A voice said, “Let him through!” and someone else said, “You let him through!”
The young woman’s relatives were leaning forward to watch, the man gripping the railing, the woman with her hands pressed against her face.
Below, more slaves were shouting at the crowd to stay clear of the drop. Ruso found himself forced to shuffle backward. “Stop!” he yelled as loudly as he could, writhing free and fighting to clamber onto the shoulders around him. He managed, “Don’t do it! You could kill her!” before he was dragged down into the heaving, airless pre
ss of bodies.
Struggling to get back on his feet, the noise of the crowd above him coalesced into a roar of “Go! Go! Go!”
He managed to get his head up in time to see the ladder shoot down the side of the building. It jerked to a shuddering halt a few feet from the ground.
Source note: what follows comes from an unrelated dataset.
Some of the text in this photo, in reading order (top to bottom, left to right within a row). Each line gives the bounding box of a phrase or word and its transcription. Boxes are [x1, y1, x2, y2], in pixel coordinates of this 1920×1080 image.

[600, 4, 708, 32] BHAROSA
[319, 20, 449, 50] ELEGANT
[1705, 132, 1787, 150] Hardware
A scream rang out into the sudden silence. Then one of the slaves in the street reached up and briefly drew back the white cloth from the patient’s face. He shouted something up to the waiting group in the archway.
The master embraced the patient’s family. Cheering and applause broke out in the street, and the crowd surged forward again, pushing and shoving to get a better look. Everyone except the slaves now gathering up the loose rope had vanished from the arch: The others must be scurrying down the stone steps.
Ruso finally managed to catch a glimpse of the patient through the excited crowd. To his amazement, she was neither in a state of collapse nor in obvious agony. Instead she was massaging the back of her neck with both hands and smiling, while her parents embraced her—from either side, so as not to spoil the spectators’ view—and led her forward. The girl broke away from them and removed her stole to reveal the perfect alignment of her shoulders. Then she delighted both parents and crowd with an impromptu twirl before rejoining her family to walk away.
“It’s a miracle!” declared someone nearby.
“It’s a trick,” Ruso told him, convinced that the slaves must have put extra padding on a healthy girl beneath the mummy wrapping. “The only miracle is that she can still walk.”
“Eh? So the straight back, that’s a trick too, is it?”
“Did you know her before? Did anybody?”
“We all saw what she was like,” insisted the believer.
“It’s a trick!” Ruso called, louder.
“My friends!”
Everyone turned. The man draped in red had somehow managed to get across to the sun god. The youths had vanished, and he had been hoisted up onto the plinth in their place. “Many of you think you just saw a miracle.” He waited for the cheering to die down before continuing. “And some, like our friend here, will say you saw a trick.” He lowered his voice. “Let me tell you this. You saw neither.” He let the suspense build for a moment, then continued. “What you saw here, friends, in front of a thousand witnesses, was a cure. A cure that other doctors said was impossible, and why?”